Materials provided below:

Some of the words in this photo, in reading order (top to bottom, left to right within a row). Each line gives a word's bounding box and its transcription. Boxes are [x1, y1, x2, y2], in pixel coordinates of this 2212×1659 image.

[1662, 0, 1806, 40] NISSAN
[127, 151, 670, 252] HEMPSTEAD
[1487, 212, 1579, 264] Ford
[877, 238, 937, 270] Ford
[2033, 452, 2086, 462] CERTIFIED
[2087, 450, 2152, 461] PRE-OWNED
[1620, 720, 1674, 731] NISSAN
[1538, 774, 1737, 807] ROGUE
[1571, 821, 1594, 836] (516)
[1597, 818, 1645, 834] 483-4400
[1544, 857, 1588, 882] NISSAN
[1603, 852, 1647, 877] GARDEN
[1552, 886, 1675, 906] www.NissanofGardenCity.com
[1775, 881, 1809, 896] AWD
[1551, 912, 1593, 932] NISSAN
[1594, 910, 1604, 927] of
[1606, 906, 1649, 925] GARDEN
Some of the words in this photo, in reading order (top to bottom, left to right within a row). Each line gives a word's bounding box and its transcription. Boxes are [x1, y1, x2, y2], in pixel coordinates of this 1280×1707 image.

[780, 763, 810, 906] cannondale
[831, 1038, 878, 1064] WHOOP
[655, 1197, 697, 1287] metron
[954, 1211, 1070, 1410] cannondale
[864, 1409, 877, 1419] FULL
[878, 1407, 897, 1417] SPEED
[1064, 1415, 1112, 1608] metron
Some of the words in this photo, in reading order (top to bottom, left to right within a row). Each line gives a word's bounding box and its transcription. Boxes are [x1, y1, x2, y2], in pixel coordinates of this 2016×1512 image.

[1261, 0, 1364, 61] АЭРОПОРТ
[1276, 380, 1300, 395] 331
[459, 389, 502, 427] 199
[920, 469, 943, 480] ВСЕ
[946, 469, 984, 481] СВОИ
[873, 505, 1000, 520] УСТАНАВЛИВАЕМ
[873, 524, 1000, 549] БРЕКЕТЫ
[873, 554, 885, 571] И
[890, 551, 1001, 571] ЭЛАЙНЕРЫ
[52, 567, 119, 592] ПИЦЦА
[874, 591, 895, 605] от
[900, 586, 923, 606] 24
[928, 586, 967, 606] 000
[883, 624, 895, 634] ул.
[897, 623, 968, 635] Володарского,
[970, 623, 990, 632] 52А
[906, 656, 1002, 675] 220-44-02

End of Materials provided.

Problem =>
Copy out the full set of records precisely, leaving nothing out.

Output =>
Some of the words in this photo, in reading order (top to bottom, left to right within a row). Each line gives a word's bounding box and its transcription. Boxes are [x1, y1, x2, y2], in pixel coordinates of this 2212×1659 image.

[1662, 0, 1806, 40] NISSAN
[127, 151, 670, 252] HEMPSTEAD
[1487, 212, 1579, 264] Ford
[877, 238, 937, 270] Ford
[2033, 452, 2086, 462] CERTIFIED
[2087, 450, 2152, 461] PRE-OWNED
[1620, 720, 1674, 731] NISSAN
[1538, 774, 1737, 807] ROGUE
[1571, 821, 1594, 836] (516)
[1597, 818, 1645, 834] 483-4400
[1544, 857, 1588, 882] NISSAN
[1603, 852, 1647, 877] GARDEN
[1552, 886, 1675, 906] www.NissanofGardenCity.com
[1775, 881, 1809, 896] AWD
[1551, 912, 1593, 932] NISSAN
[1594, 910, 1604, 927] of
[1606, 906, 1649, 925] GARDEN
Some of the words in this photo, in reading order (top to bottom, left to right within a row). Each line gives a word's bounding box and its transcription. Boxes are [x1, y1, x2, y2], in pixel coordinates of this 1280×1707 image.

[780, 763, 810, 906] cannondale
[831, 1038, 878, 1064] WHOOP
[655, 1197, 697, 1287] metron
[954, 1211, 1070, 1410] cannondale
[864, 1409, 877, 1419] FULL
[878, 1407, 897, 1417] SPEED
[1064, 1415, 1112, 1608] metron
Some of the words in this photo, in reading order (top to bottom, left to right within a row). Each line gives a word's bounding box and its transcription. Boxes are [x1, y1, x2, y2], in pixel coordinates of this 2016×1512 image.

[1261, 0, 1364, 61] АЭРОПОРТ
[1276, 380, 1300, 395] 331
[459, 389, 502, 427] 199
[920, 469, 943, 480] ВСЕ
[946, 469, 984, 481] СВОИ
[873, 505, 1000, 520] УСТАНАВЛИВАЕМ
[873, 524, 1000, 549] БРЕКЕТЫ
[873, 554, 885, 571] И
[890, 551, 1001, 571] ЭЛАЙНЕРЫ
[52, 567, 119, 592] ПИЦЦА
[874, 591, 895, 605] от
[900, 586, 923, 606] 24
[928, 586, 967, 606] 000
[883, 624, 895, 634] ул.
[897, 623, 968, 635] Володарского,
[970, 623, 990, 632] 52А
[906, 656, 1002, 675] 220-44-02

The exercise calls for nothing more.